_WHAT IS REQUIRED_: The pictures do not go in the copy. Reproduce the rest of the entries exactly.

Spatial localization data
»»

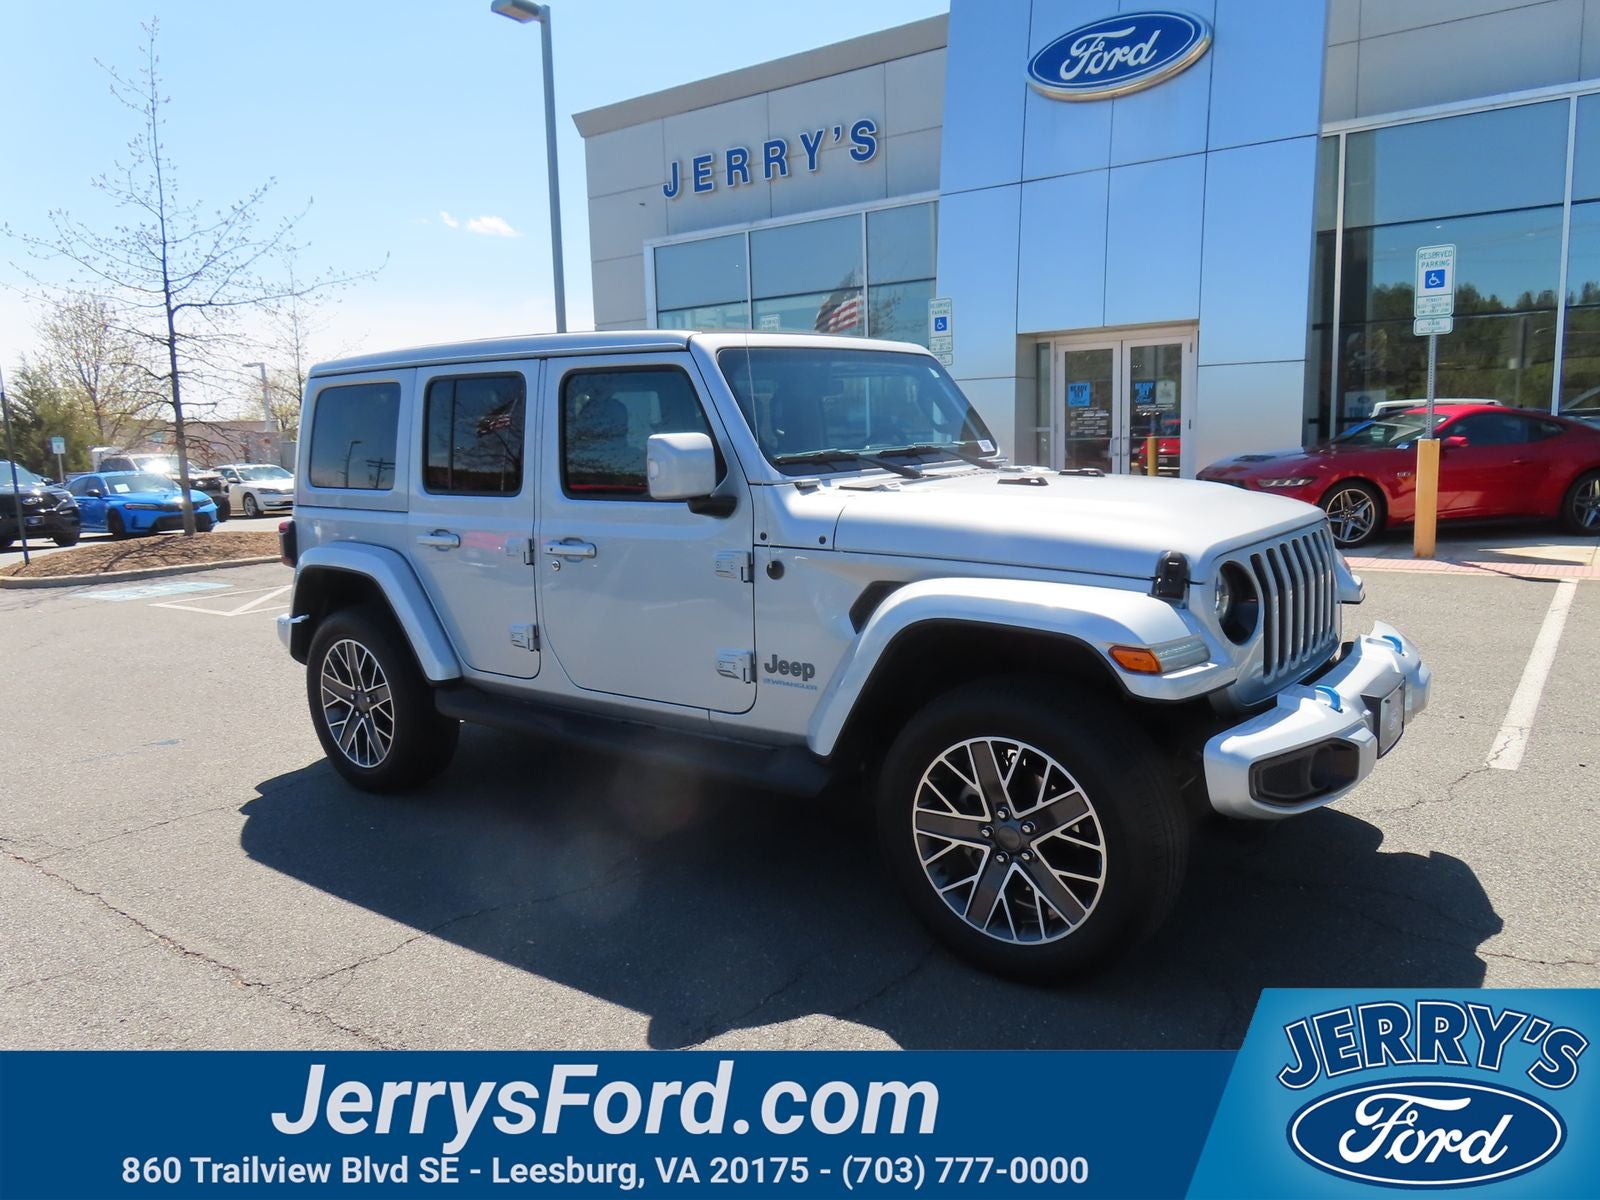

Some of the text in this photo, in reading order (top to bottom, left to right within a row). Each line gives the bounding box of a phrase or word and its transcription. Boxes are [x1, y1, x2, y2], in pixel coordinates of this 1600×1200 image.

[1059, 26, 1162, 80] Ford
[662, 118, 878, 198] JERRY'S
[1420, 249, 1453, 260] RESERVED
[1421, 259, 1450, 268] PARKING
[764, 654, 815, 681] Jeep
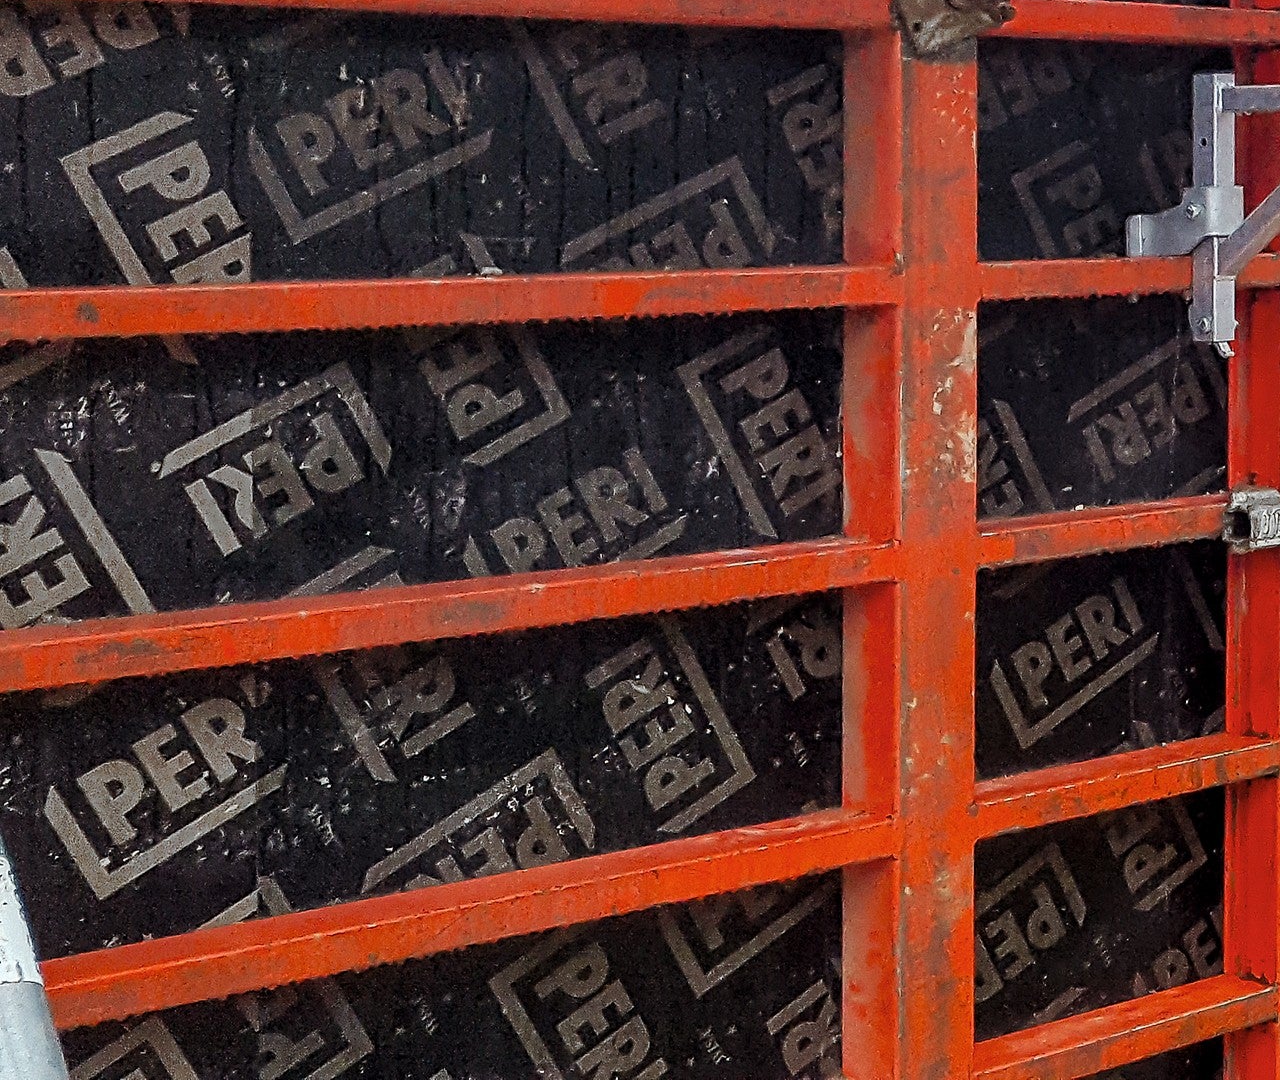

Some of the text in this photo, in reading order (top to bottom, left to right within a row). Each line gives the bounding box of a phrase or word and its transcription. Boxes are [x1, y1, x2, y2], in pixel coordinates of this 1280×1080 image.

««

_RESULT_:
Some of the text in this photo, in reading order (top to bottom, left to right within a row). Each line gives the bounding box of a phrase or word and its transcription. Boxes are [x1, y1, x2, y2], in pixel coordinates of this 1600×1200 image.

[1059, 26, 1162, 80] Ford
[662, 118, 878, 198] JERRY'S
[1420, 249, 1453, 260] RESERVED
[1421, 259, 1450, 268] PARKING
[764, 654, 815, 681] Jeep

Some of the text in this photo, in reading order (top to bottom, left to right within a row). Each line gives the bounding box of a phrase or word and its transcription. Boxes are [x1, y1, x2, y2], in pixel coordinates of this 1280×1080 image.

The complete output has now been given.